::: DATA SHOWN

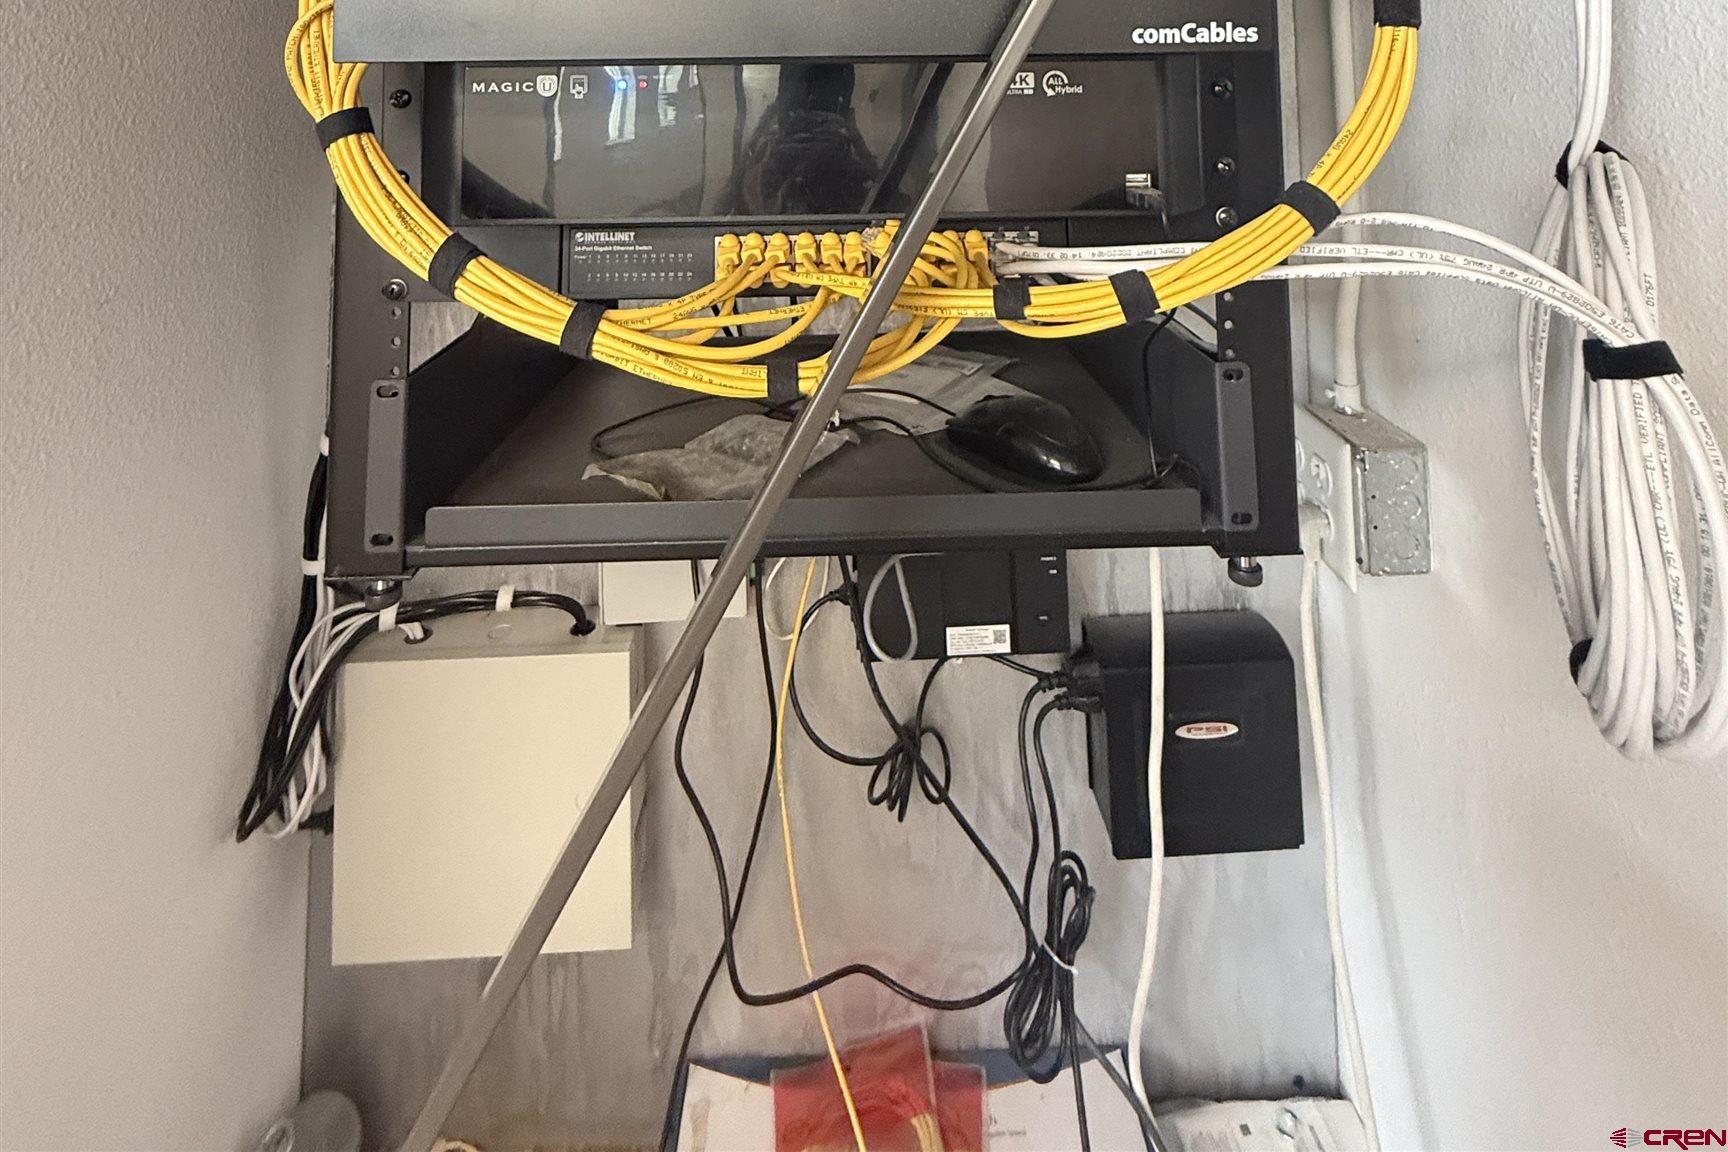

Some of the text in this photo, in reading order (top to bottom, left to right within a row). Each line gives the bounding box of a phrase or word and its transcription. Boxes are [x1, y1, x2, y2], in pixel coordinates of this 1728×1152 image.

[1131, 22, 1259, 44] comCables
[1048, 77, 1063, 85] ALL
[472, 81, 534, 93] MAGIC
[1055, 85, 1083, 95] Hybrid
[584, 231, 635, 242] INTELLINET
[1301, 246, 1346, 255] VERIFIED
[1523, 277, 1543, 288] UTP
[1609, 319, 1635, 339] CAT6
[1681, 390, 1699, 416] Data
[1631, 392, 1649, 444] VERIFIED

::::::

- EXERCISE BRIEF -
Extract the full listing exactly, with the pictures left out.

- EXERCISE RESPONSE -
Some of the text in this photo, in reading order (top to bottom, left to right within a row). Each line gives the bounding box of a phrase or word and its transcription. Boxes are [x1, y1, x2, y2], in pixel coordinates of this 1728×1152 image.

[1131, 22, 1259, 44] comCables
[1048, 77, 1063, 85] ALL
[472, 81, 534, 93] MAGIC
[1055, 85, 1083, 95] Hybrid
[584, 231, 635, 242] INTELLINET
[1301, 246, 1346, 255] VERIFIED
[1523, 277, 1543, 288] UTP
[1609, 319, 1635, 339] CAT6
[1681, 390, 1699, 416] Data
[1631, 392, 1649, 444] VERIFIED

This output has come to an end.